Source material =>
────────
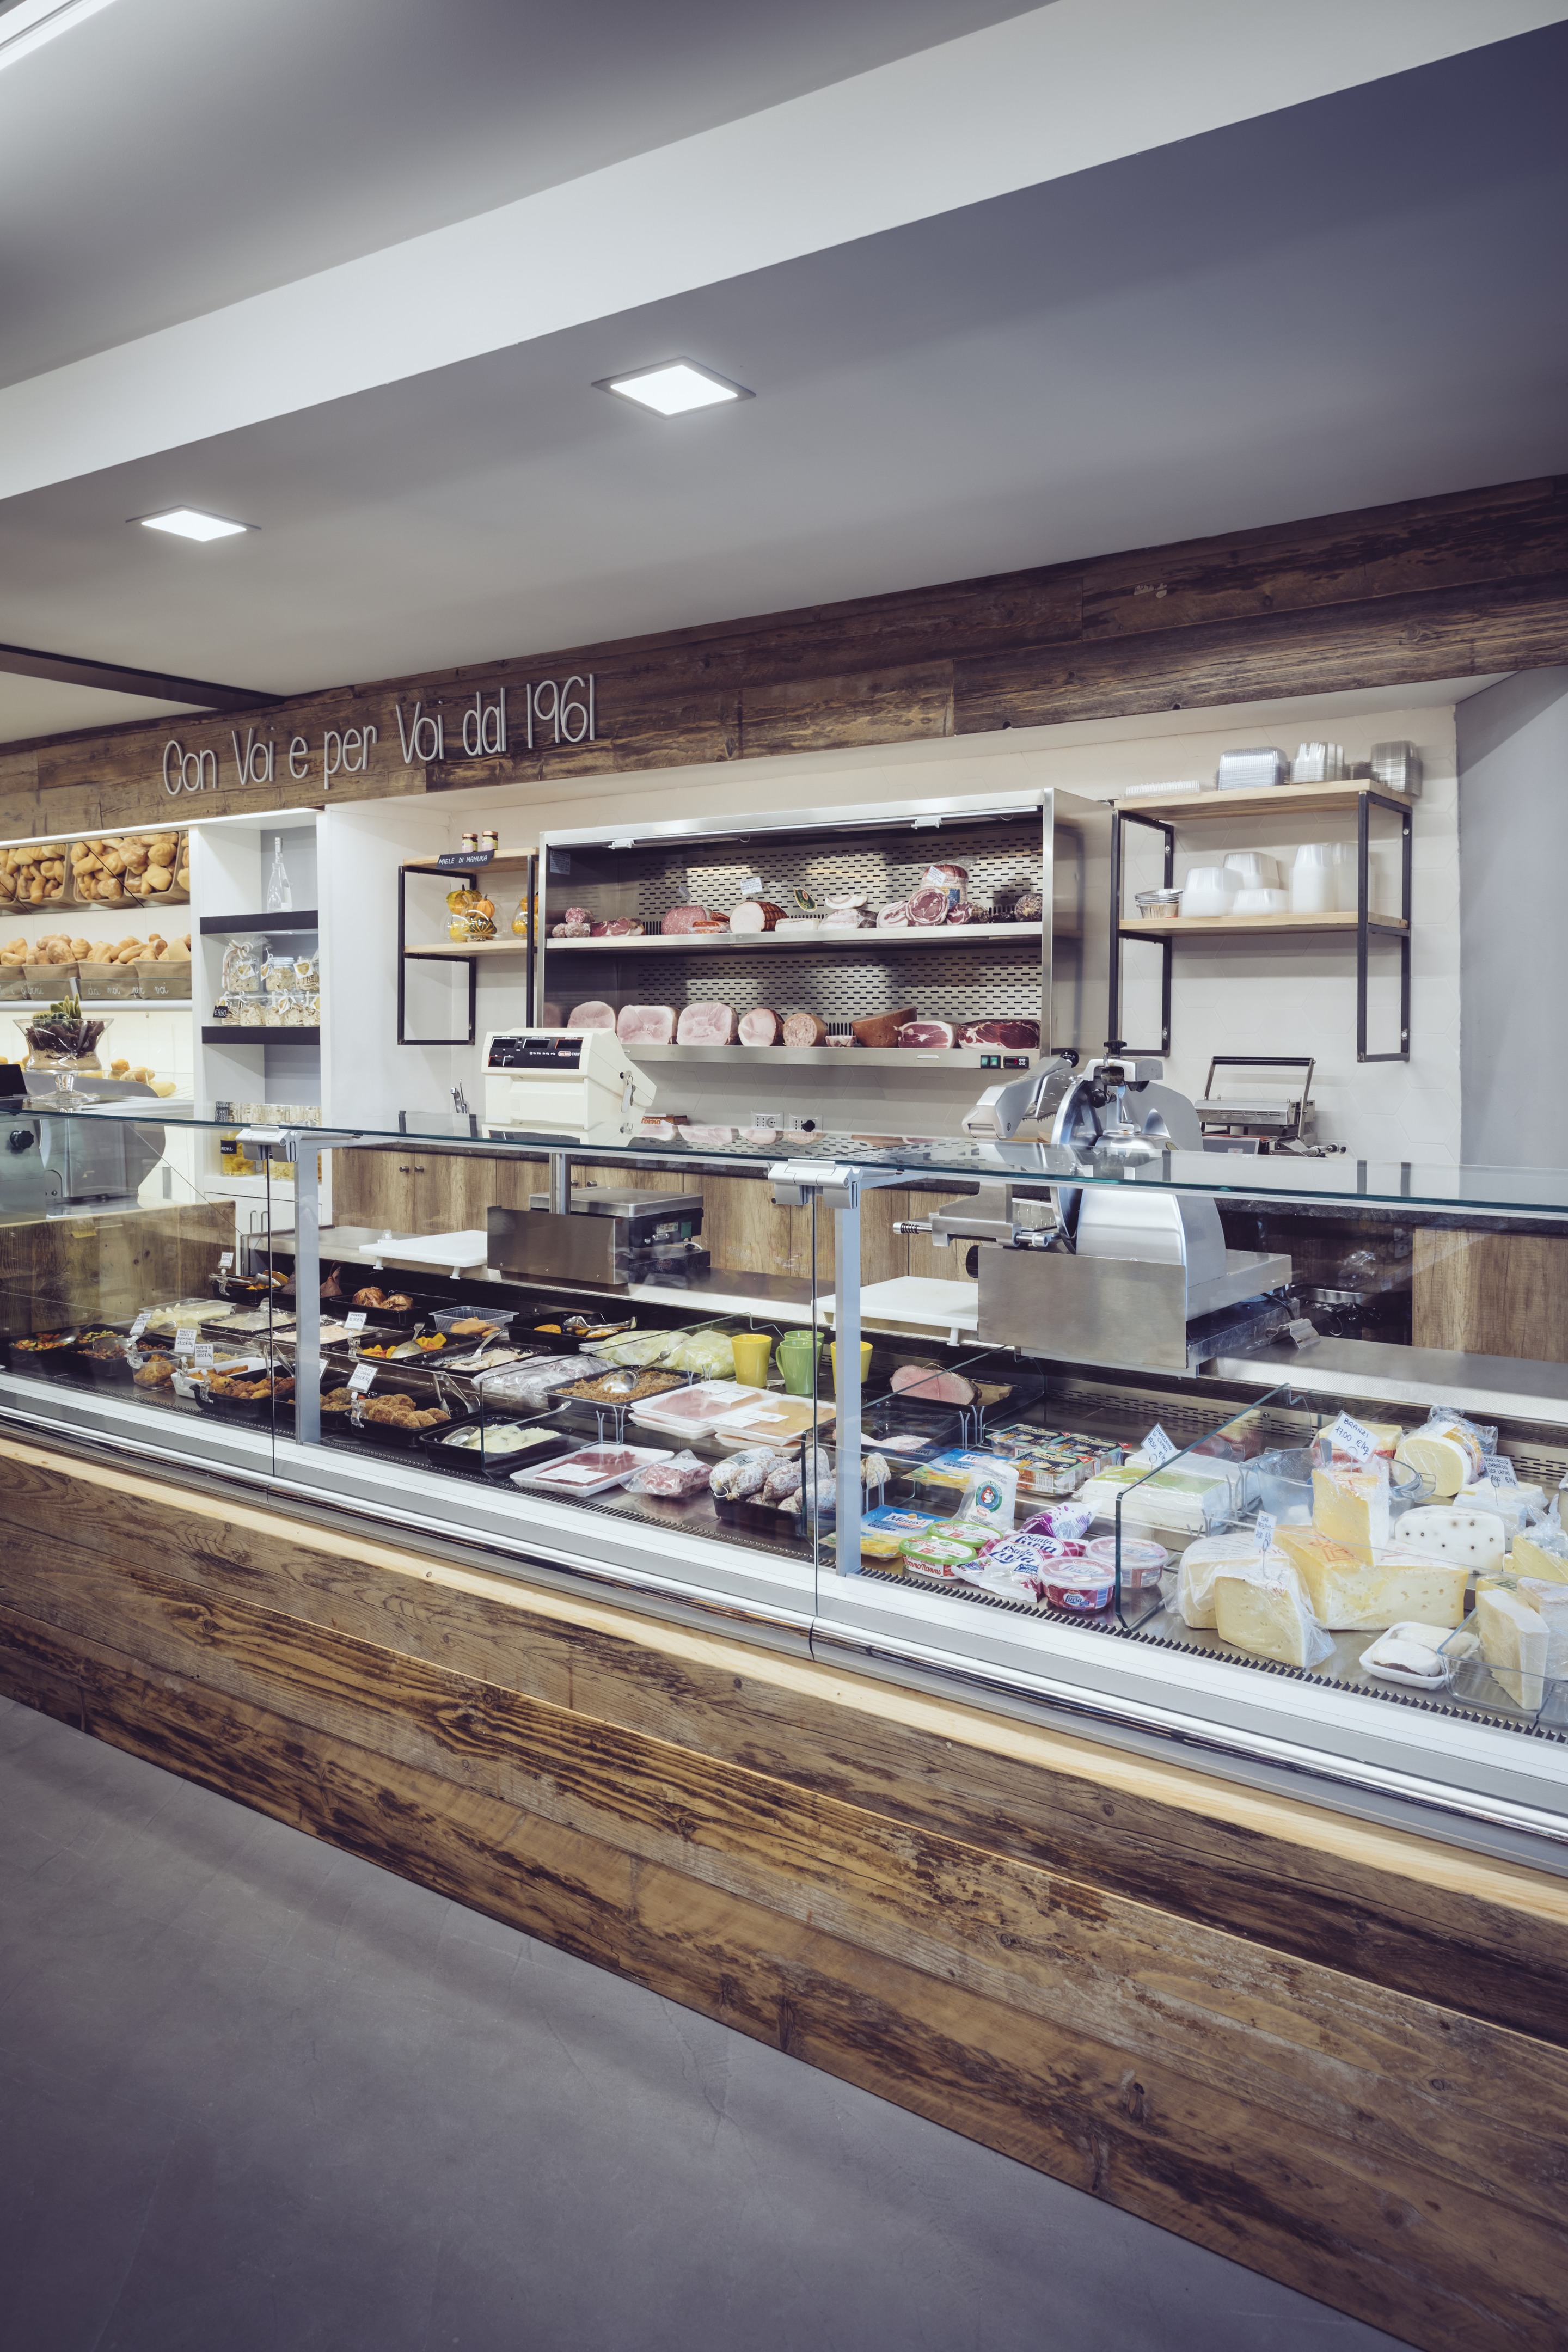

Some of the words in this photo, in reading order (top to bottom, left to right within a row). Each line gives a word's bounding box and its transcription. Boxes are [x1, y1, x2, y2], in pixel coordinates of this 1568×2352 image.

[163, 740, 218, 795] Con
[231, 726, 274, 786] Voi
[289, 736, 308, 779] e
[324, 726, 378, 790] per
[396, 700, 444, 764] Voi
[463, 687, 507, 756] dal
[526, 673, 595, 748] 1961
[466, 855, 488, 863] MANUKA
[88, 982, 101, 996] da
[107, 983, 121, 995] noi
[131, 984, 145, 999] per
[155, 982, 169, 994] voi
[1343, 1418, 1369, 1438] BRANZI
[1155, 1426, 1172, 1451] STRACCHINO
[1157, 1437, 1168, 1453] CAPRA
[948, 1459, 976, 1467] Emment
[1024, 1534, 1054, 1545] Santa
[904, 1558, 921, 1569] Nonno
[921, 1563, 942, 1575] Nanni
────────
Exercise prompt =>
Output the data above in full. Skip every picture.

Answer space =>
Some of the words in this photo, in reading order (top to bottom, left to right within a row). Each line gives a word's bounding box and its transcription. Boxes are [x1, y1, x2, y2], in pixel coordinates of this 1568×2352 image.

[163, 740, 218, 795] Con
[231, 726, 274, 786] Voi
[289, 736, 308, 779] e
[324, 726, 378, 790] per
[396, 700, 444, 764] Voi
[463, 687, 507, 756] dal
[526, 673, 595, 748] 1961
[466, 855, 488, 863] MANUKA
[88, 982, 101, 996] da
[107, 983, 121, 995] noi
[131, 984, 145, 999] per
[155, 982, 169, 994] voi
[1343, 1418, 1369, 1438] BRANZI
[1155, 1426, 1172, 1451] STRACCHINO
[1157, 1437, 1168, 1453] CAPRA
[948, 1459, 976, 1467] Emment
[1024, 1534, 1054, 1545] Santa
[904, 1558, 921, 1569] Nonno
[921, 1563, 942, 1575] Nanni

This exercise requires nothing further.